Methods: Worms were irradiated with ultraviolet light to induce sickness and then transferred to wells of a 96-well plate each containing a different bioactive chemical dissolved in an aqueous solution. The fraction of quiescent animals was assessed via stereomicroscopic observation. We performed 12 vehicle-only controls for each 96-well plate and considered sleep-inhibiting chemicals as those with a fraction quiescent at least 3 standard deviations less than controls. We followed up the screen with dedicated mechanistic studies of the drug amitriptyline.
Results: Among 3,683 bioactive chemicals screened, 42 strongly reduced sleep behavior. We retested 26 and replicated 23 chemicals as sleep-disrupting. Among replicated compounds were amitriptyline (AMI) and other tricyclic anti-depressants (TCAs). AMI acts downstream of or in parallel to activation of sleep-promoting neurons. In addition to suppressing sleep in sickness (SIS), AMI also suppressed sleep in health and reduces survival.
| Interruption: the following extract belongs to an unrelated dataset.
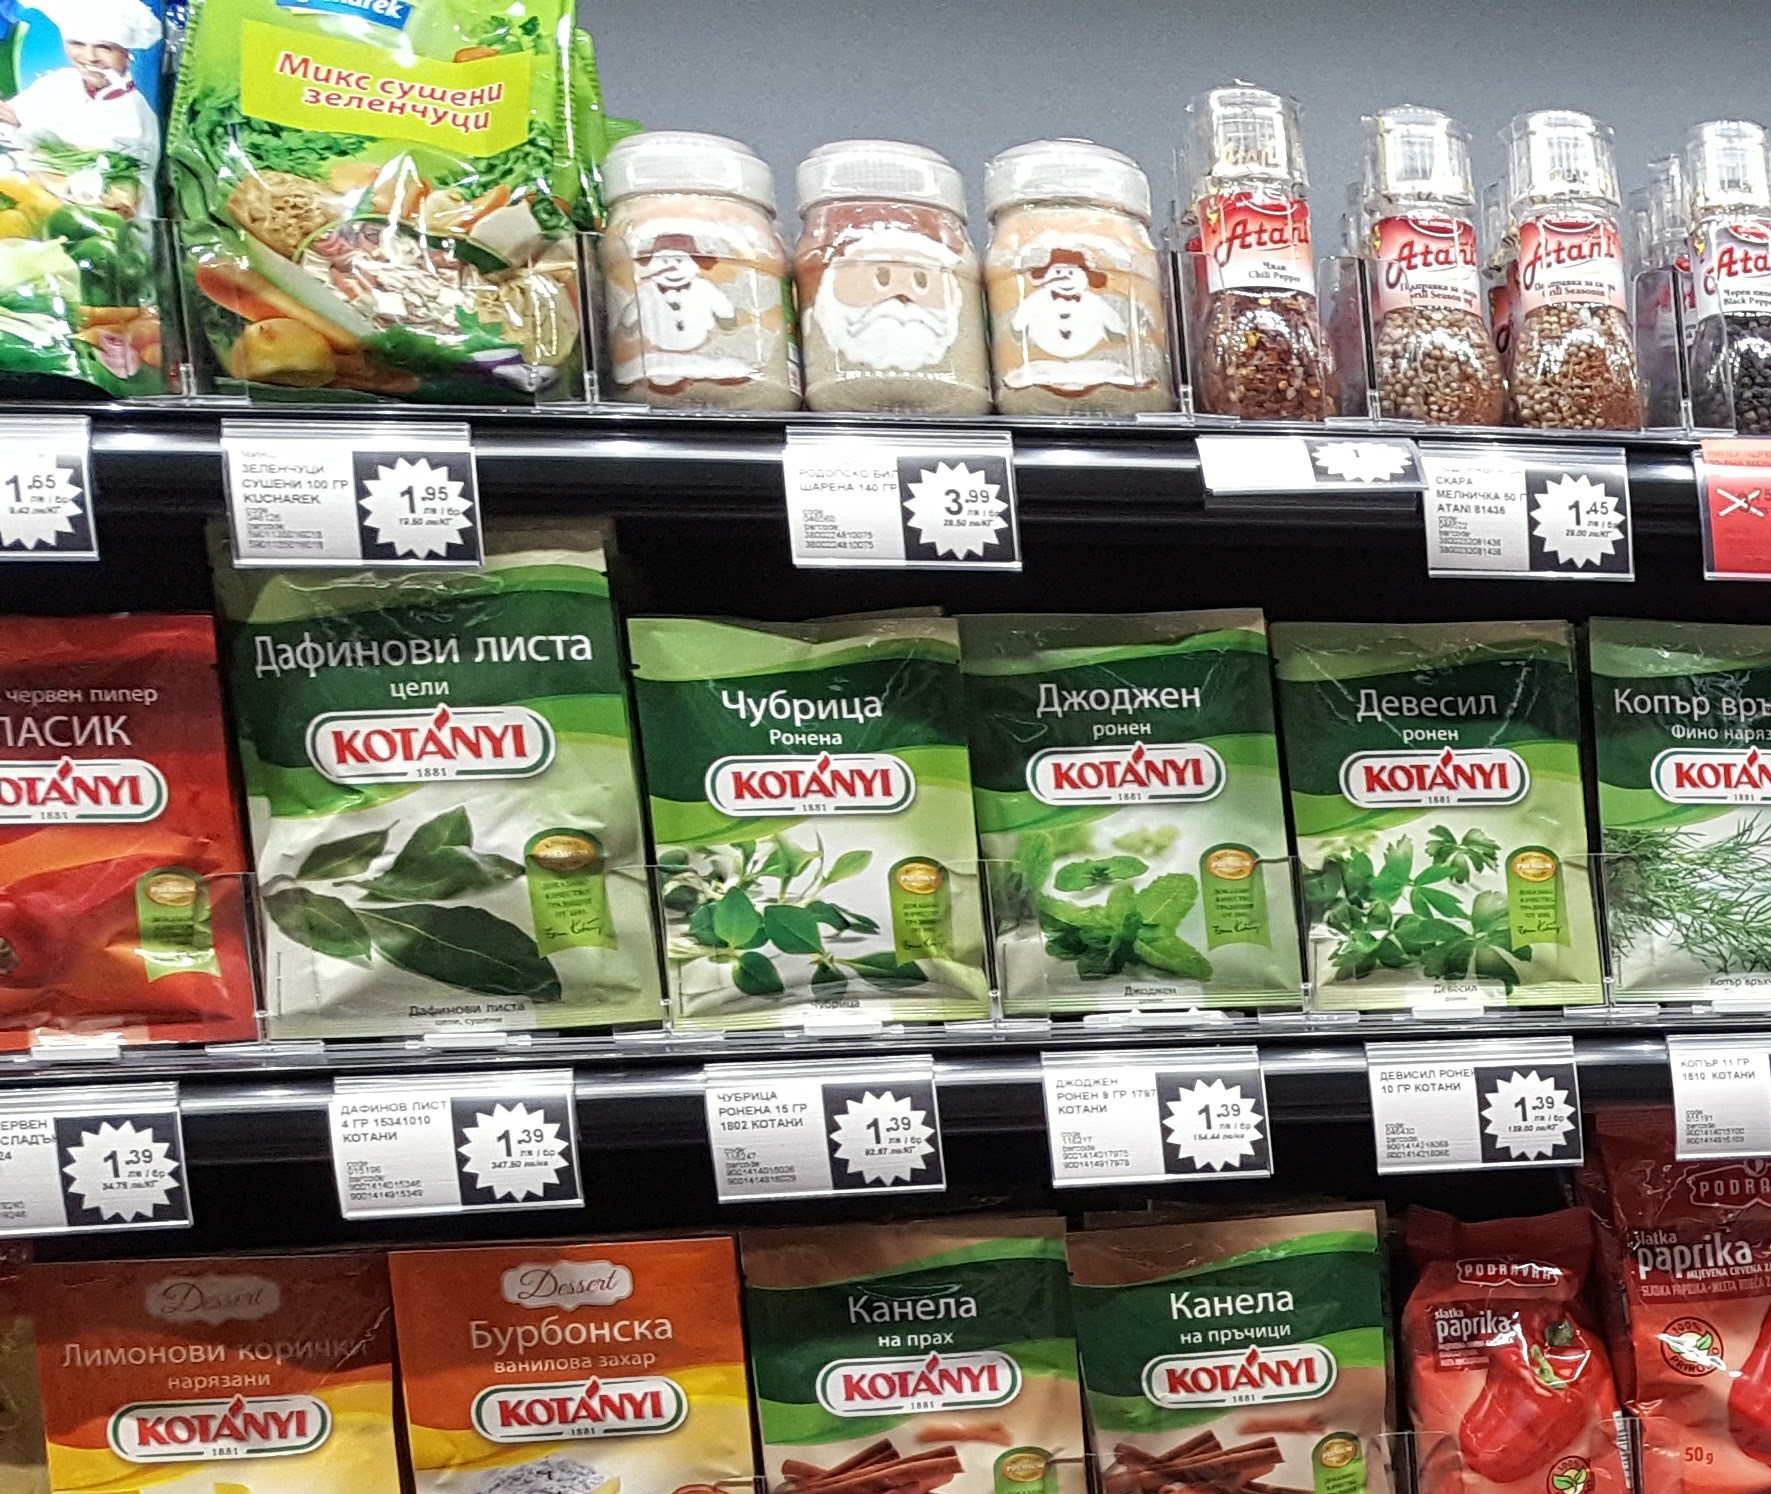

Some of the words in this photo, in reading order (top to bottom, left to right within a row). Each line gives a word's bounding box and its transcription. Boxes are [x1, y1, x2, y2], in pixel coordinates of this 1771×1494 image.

We tested and rejected the hypothesis that AMI acts by increasing monoaminergic tone, providing evidence that TCAs act via a novel mechanism to block sleep.
Conclusions: This is the first high-throughput screen for chemicals modulating SIS. Elucidating the mechanism by which AMI and other chemicals regulate sleep will lead to new biological insights regarding the mechanisms of sleep.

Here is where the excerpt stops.